The second trend is to apply digital health for clinical development. We all know of the importance of biomarkers in personalized medicine. Digital health can take this to the next level. Can we control drug release by using our Apple Watches? How can we use electronic databases and medical records to optimize patient enrollment in clinical trials, to monitor side effects, and to maximize drug compliance? I expect these digital tools will play an increasing role in our drug development journey.

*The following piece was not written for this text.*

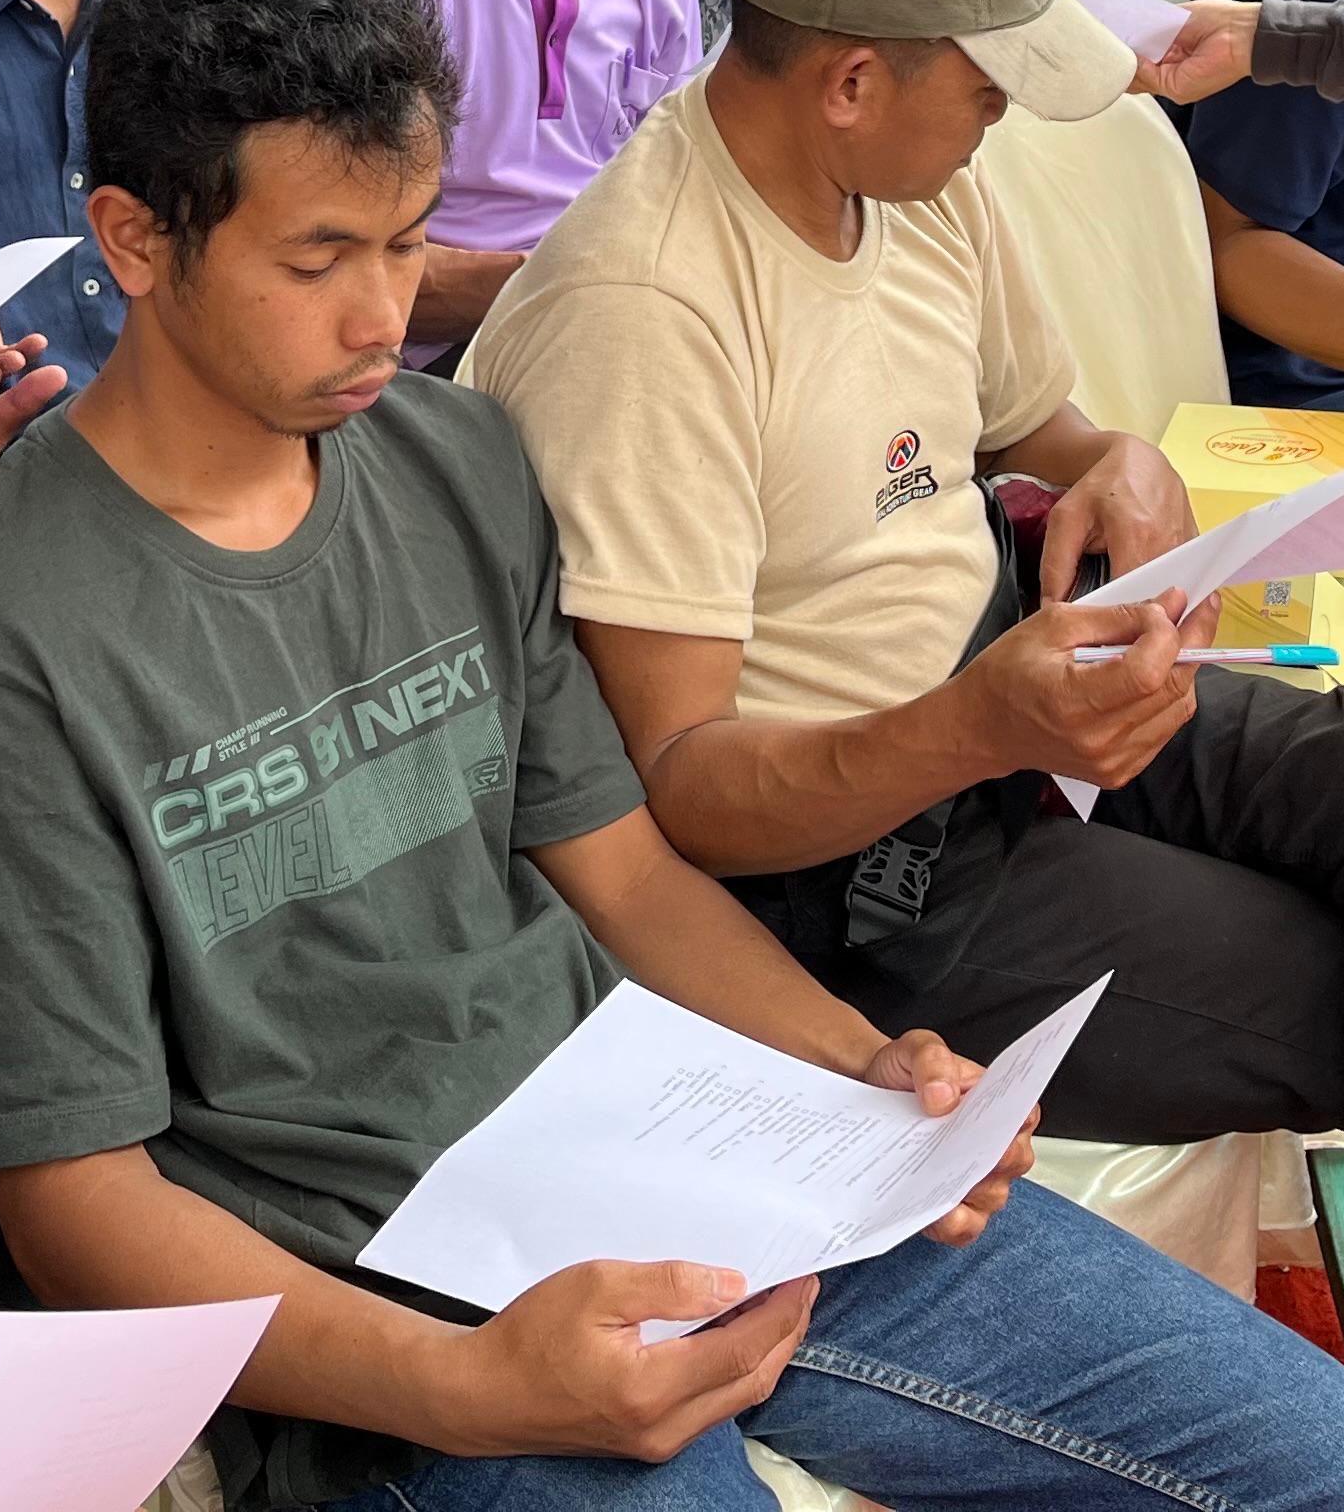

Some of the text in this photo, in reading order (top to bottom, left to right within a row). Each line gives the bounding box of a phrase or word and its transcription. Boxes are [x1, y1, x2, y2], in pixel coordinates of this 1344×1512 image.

4. Do you have any advice for industry veterans or budding entrepreneurs from the Drug Discovery and Development space?
For the veterans out there, who have witnessed the ups and downs of the industry, my advice is to keep an open mind. 10 years ago, gene therapy was a “forbidden” field. Now it is hot.
For the budding entrepreneurs, my advice is to take your time to learn this industry and do your homework, but do not let the high failure rate in our industry limit your imagination and your ability to innovate. It’s very difficult to develop medicines and pharma is one of the most regulated industries. Patience is also required. As a runner, I like to compare drug development to running a marathon. It is not for the faint of heart.
That said, we should train young people and welcome those who are bringing in new ideas and new tools to transform how medicines are developed. I have interacted with and advised many entrepreneurs. I am confident their enthusiasm and creativity will make a positive impact.